* [What is required] Without changing a word, repeat the data, and include no pictures.

[Stored items from a collection]

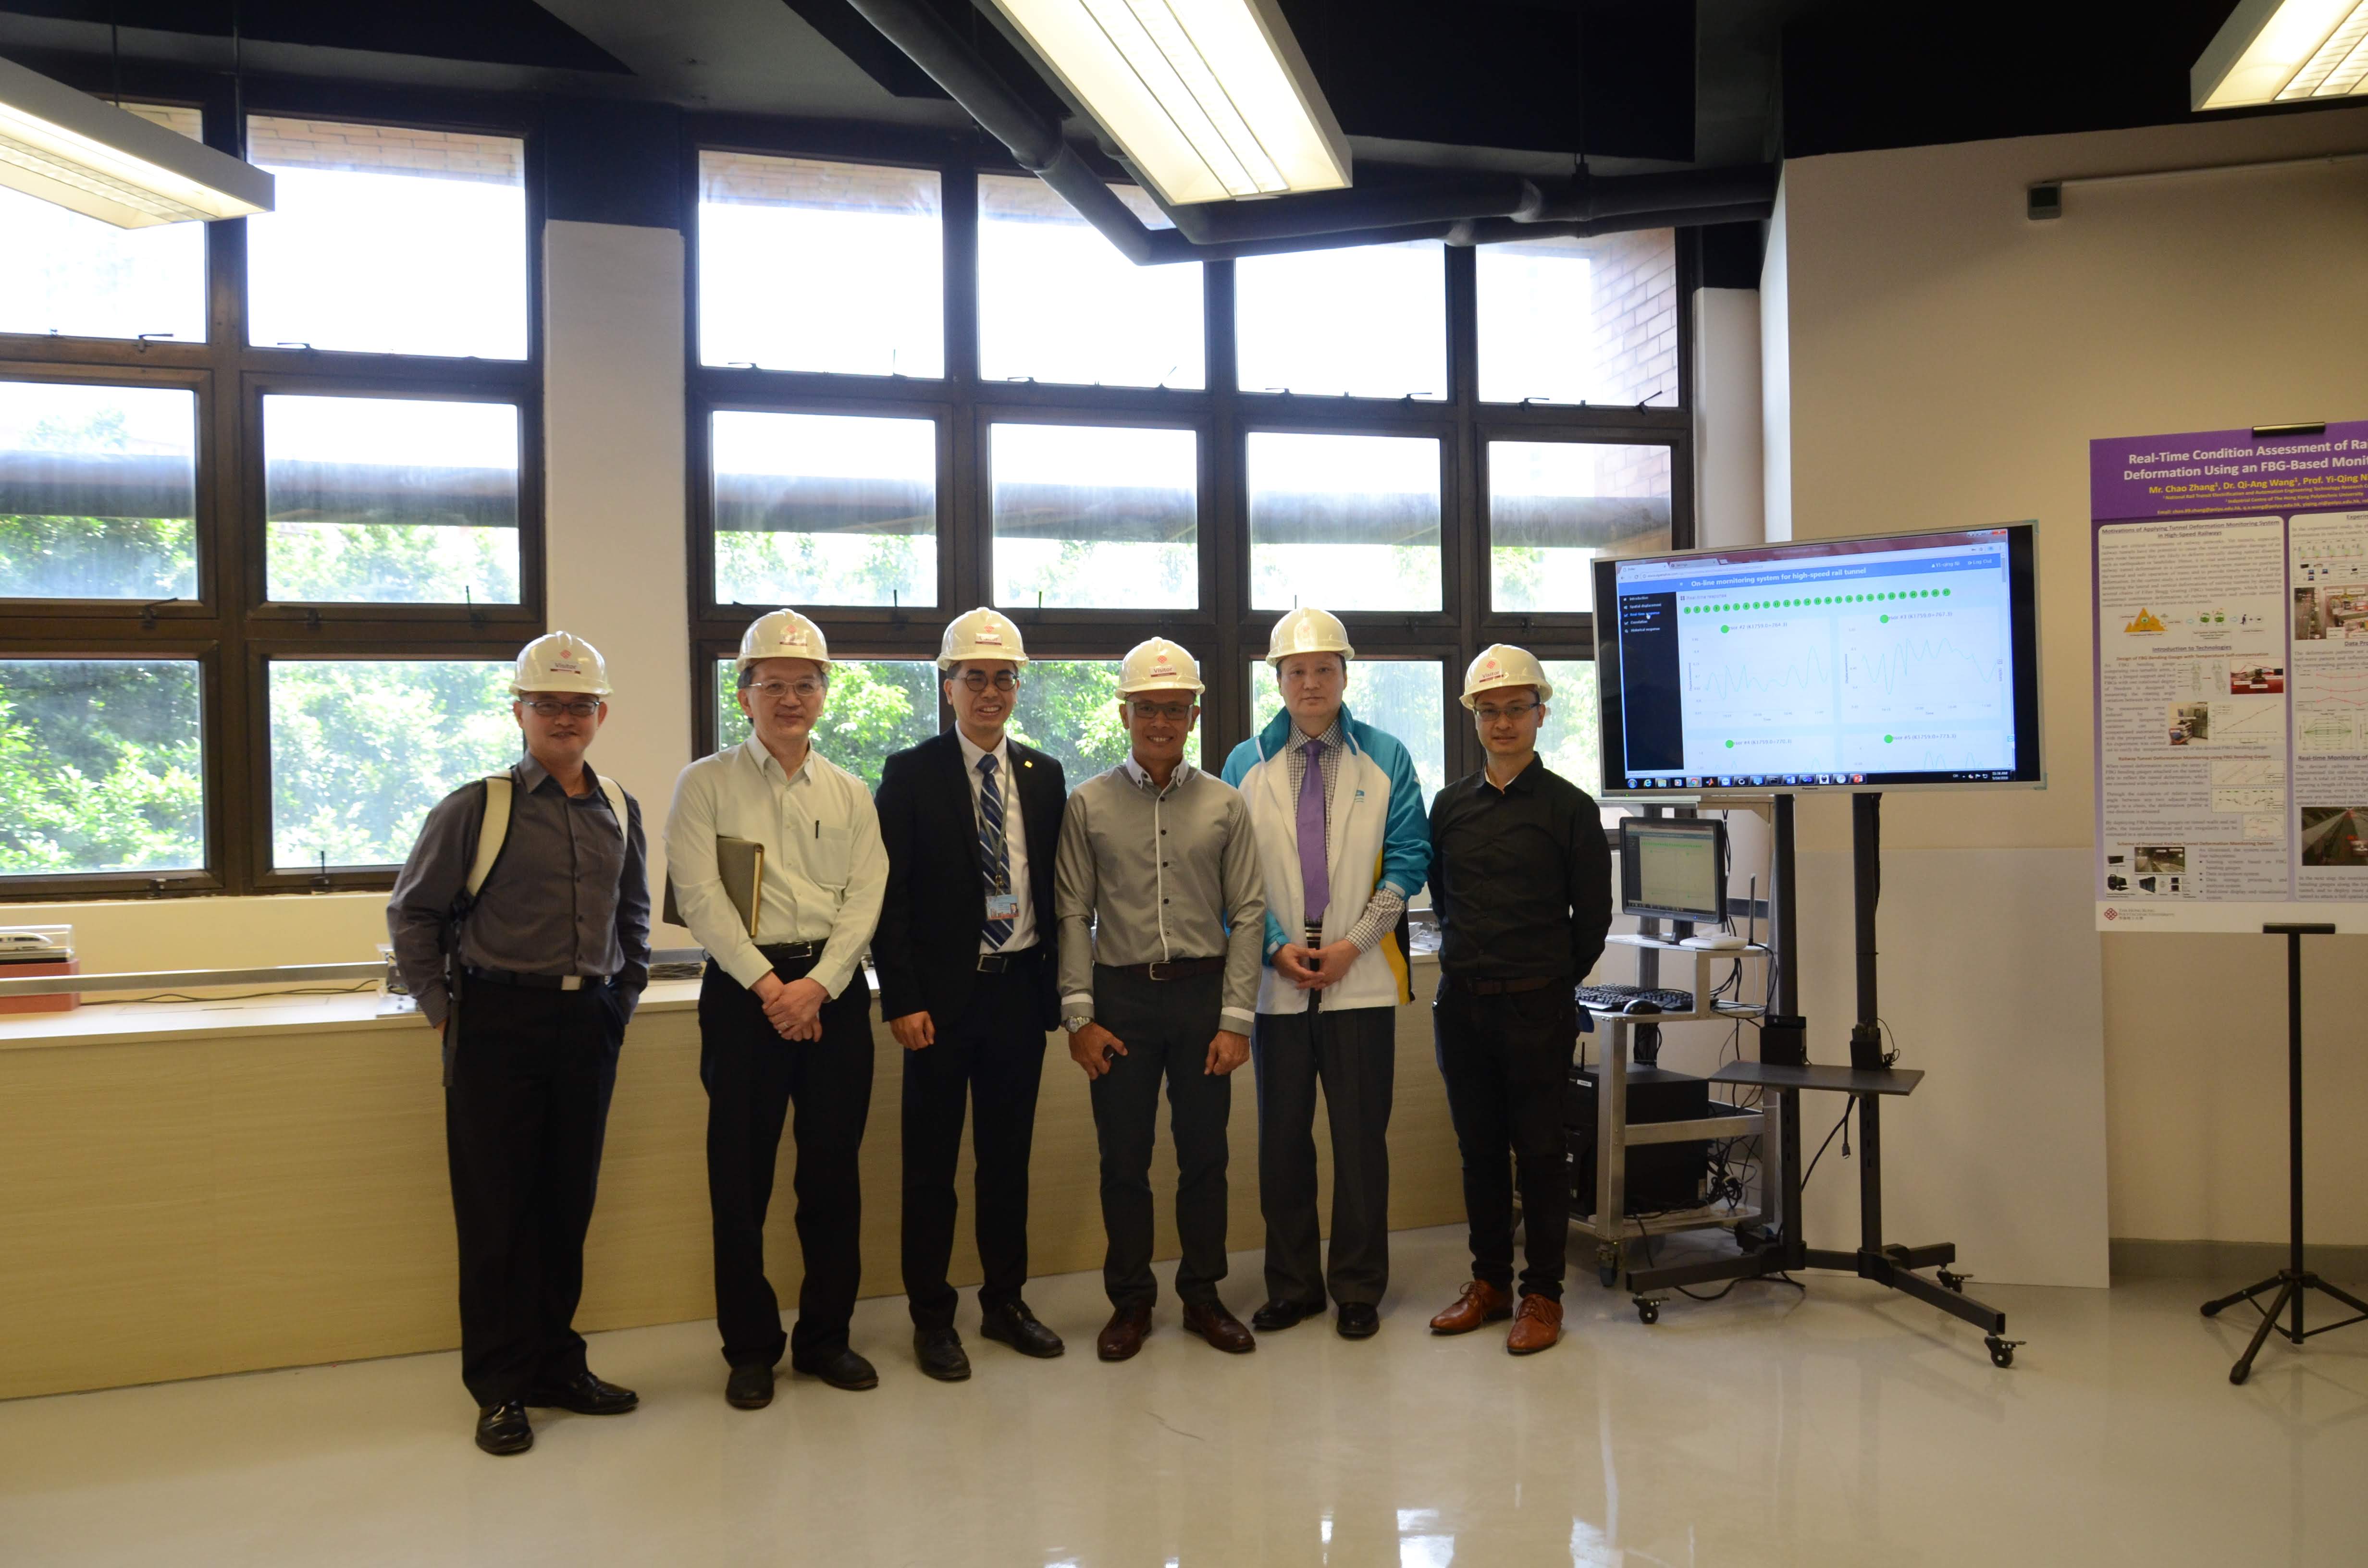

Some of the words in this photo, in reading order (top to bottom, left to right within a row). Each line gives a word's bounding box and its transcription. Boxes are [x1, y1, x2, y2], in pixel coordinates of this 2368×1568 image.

[2129, 452, 2190, 464] Real-Time
[2193, 447, 2253, 460] Condition
[2256, 442, 2331, 456] Assessment
[2334, 440, 2348, 451] of
[2351, 438, 2368, 450] Ra
[2124, 467, 2201, 480] Deformation
[2205, 465, 2239, 476] Using
[2242, 464, 2257, 473] an
[2261, 458, 2328, 472] FBG-Based
[2165, 485, 2187, 493] Chao
[2237, 480, 2268, 489] Qi-Ang
[2303, 476, 2323, 484] Prof.
[2326, 475, 2359, 483] Yi-Qing
[1716, 576, 1755, 586] mornitoring
[1756, 575, 1779, 583] system
[1792, 570, 1830, 580] high-speed
[1831, 568, 1843, 576] rail

* [Reply]
Some of the words in this photo, in reading order (top to bottom, left to right within a row). Each line gives a word's bounding box and its transcription. Boxes are [x1, y1, x2, y2], in pixel coordinates of this 2368×1568 image.

[2129, 452, 2190, 464] Real-Time
[2193, 447, 2253, 460] Condition
[2256, 442, 2331, 456] Assessment
[2334, 440, 2348, 451] of
[2351, 438, 2368, 450] Ra
[2124, 467, 2201, 480] Deformation
[2205, 465, 2239, 476] Using
[2242, 464, 2257, 473] an
[2261, 458, 2328, 472] FBG-Based
[2165, 485, 2187, 493] Chao
[2237, 480, 2268, 489] Qi-Ang
[2303, 476, 2323, 484] Prof.
[2326, 475, 2359, 483] Yi-Qing
[1716, 576, 1755, 586] mornitoring
[1756, 575, 1779, 583] system
[1792, 570, 1830, 580] high-speed
[1831, 568, 1843, 576] rail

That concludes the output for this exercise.